Spanish prosecutors alleged the state-run Chinese bank helped launder tens of millions of dollars in illegal funds and tax fraud from criminal organizations, according to a 2017 Reuters report.

The United States Federal Reserve cited the bank for “significant deficiencies” in safeguards against money laundering in 2018, and the bank later paid $5.3 million USto settle the matter with U.S. regulators, according to Reuters.

B.C. is conducting a public inquiry into the effects of money-laundering on the provincial economy, including casinos, the real estate sector and luxury automobiles.

The potential $10-million sale showed up on a list of savings on ICBC’s financial projections before the 2017 election, even though the transaction was never completed, Eby said.

“For ICBC’s projected fiscal [plan] going into the election, it was booked as being sold,” said Eby. “But it has never been sold.”

Eby said such creative accounting was a habit of the previous Liberal government, as it tried to use a series of last-minute manoeuvres inside ICBC to make it appear in better financial shape than it was.

“It’s kind of reflective, I think, of the desperation of trying to find things to sell to conceal the deficit at ICBC before the election,” said Eby.

Stone denied that, saying the web domain sale, as well as the potential sale of ICBC’s North Vancouver headquarters building, were pitched by senior ICBC officials but ultimately vetoed by him as minister.

“Was it an option presented to us by ICBC? Absolutely. We opted not to do it,” said Stone.

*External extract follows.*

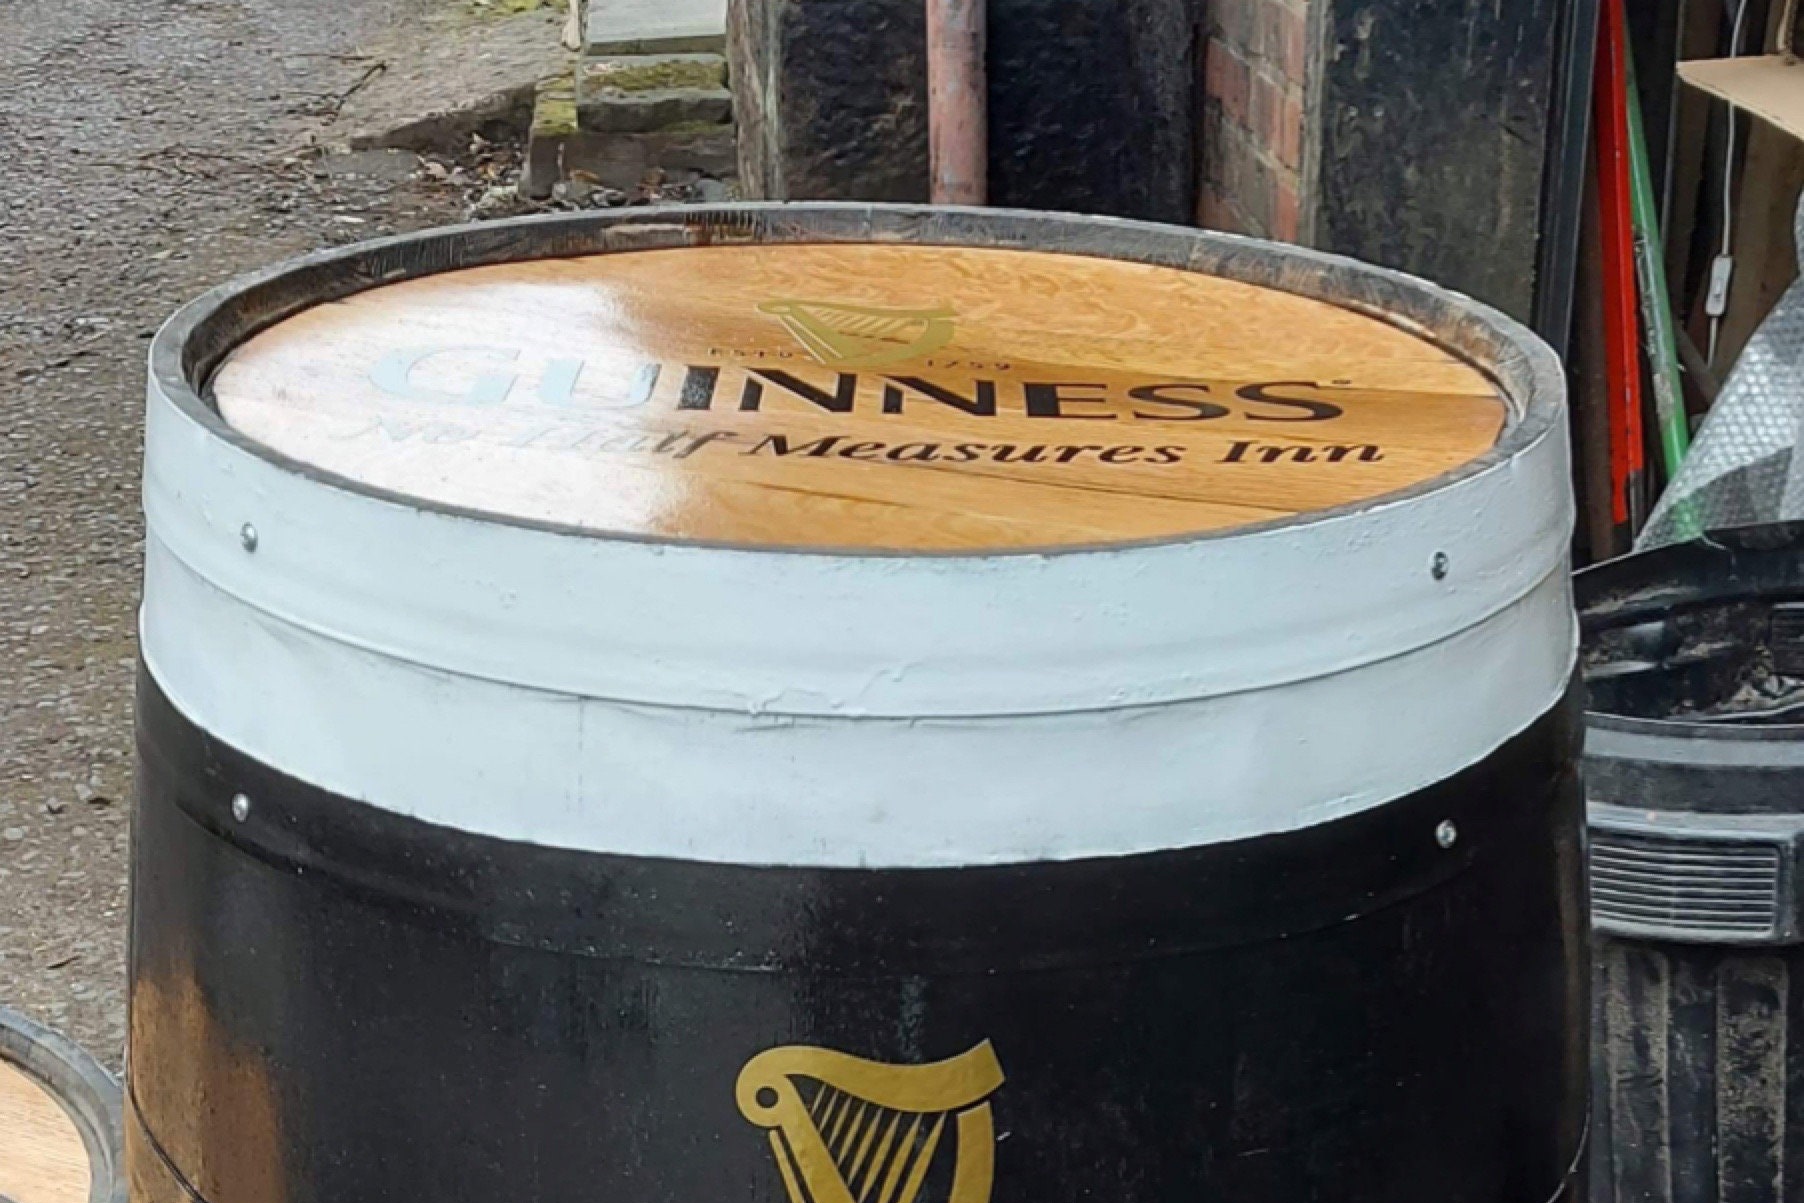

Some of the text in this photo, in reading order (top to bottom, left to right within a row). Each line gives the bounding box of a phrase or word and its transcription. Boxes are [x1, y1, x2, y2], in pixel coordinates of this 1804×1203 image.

[368, 343, 1344, 422] GUINNESS
[738, 434, 1188, 464] Measures
[1214, 439, 1385, 464] Inn

“It was suggested by ICBC on a long list of potential strategies. … But that’s where it started and ended. There was never a deal on that. Cabinet never authorized a deal on that. There was no revenue booked on that. This is all fiction.”

Stone accused Eby of trying to distract from a court ruling last week in which Eby’s attempts to limit the number of medical expert reports in ICBC court cases was ruled unconstitutional.

ICBC was hemorrhaging money internally in 2017, but voters were unaware during the election campaign. ICBC has lost almost $2.5 billion during the past two years.